Saved data entries
########
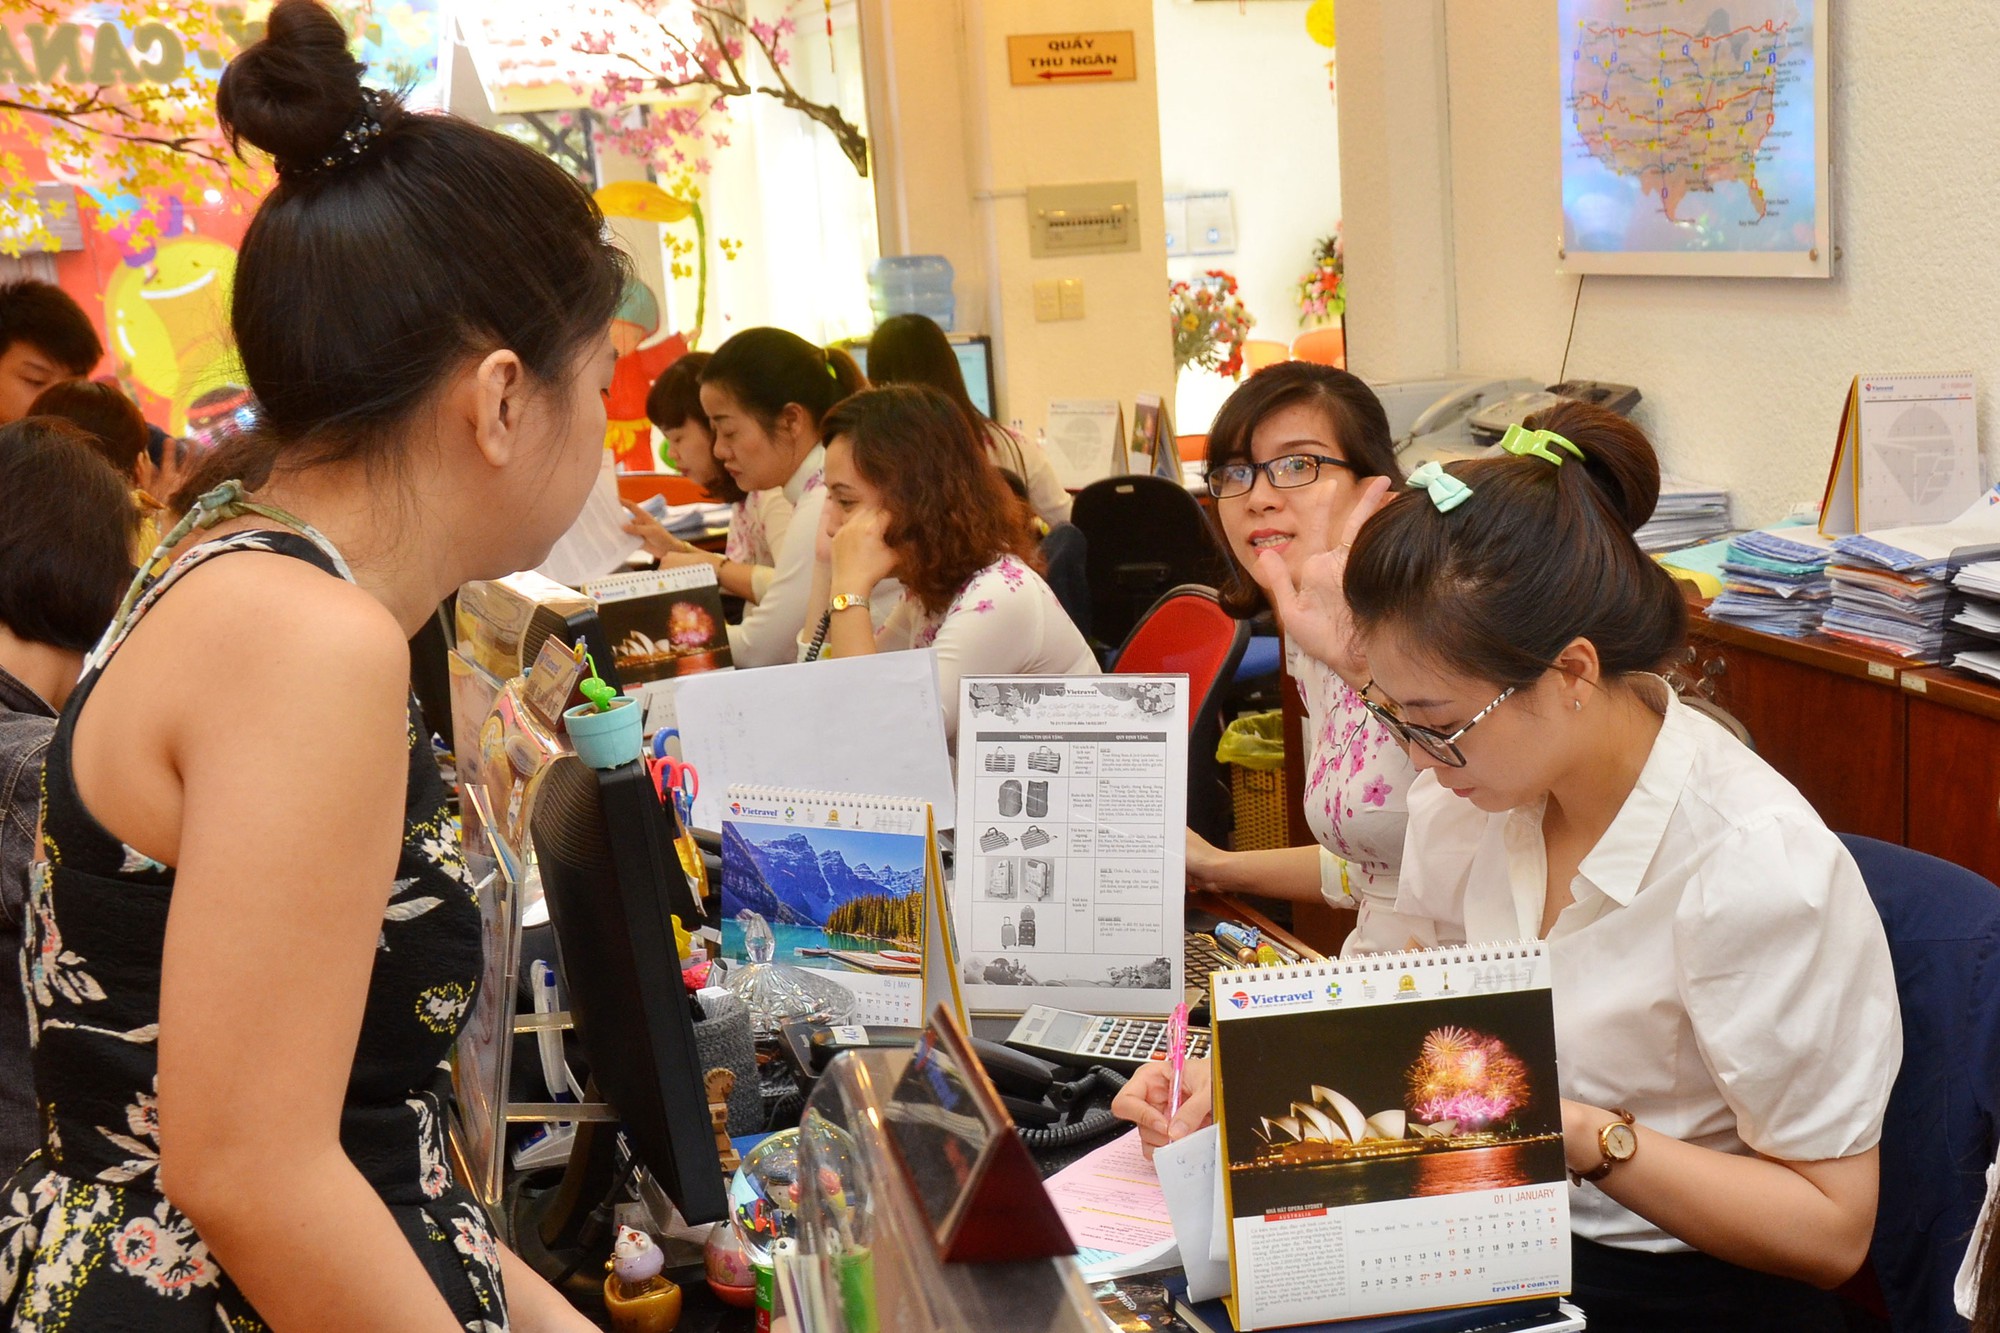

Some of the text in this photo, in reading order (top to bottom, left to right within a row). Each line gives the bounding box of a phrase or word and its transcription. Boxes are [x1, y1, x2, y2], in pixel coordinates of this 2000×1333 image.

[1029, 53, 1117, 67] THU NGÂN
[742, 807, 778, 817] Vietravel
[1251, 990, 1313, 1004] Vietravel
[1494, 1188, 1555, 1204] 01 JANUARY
########
Hand back the data above exactly, with no images.

> _Result of the task_:
Some of the text in this photo, in reading order (top to bottom, left to right within a row). Each line gives the bounding box of a phrase or word and its transcription. Boxes are [x1, y1, x2, y2], in pixel coordinates of this 2000×1333 image.

[1029, 53, 1117, 67] THU NGÂN
[742, 807, 778, 817] Vietravel
[1251, 990, 1313, 1004] Vietravel
[1494, 1188, 1555, 1204] 01 JANUARY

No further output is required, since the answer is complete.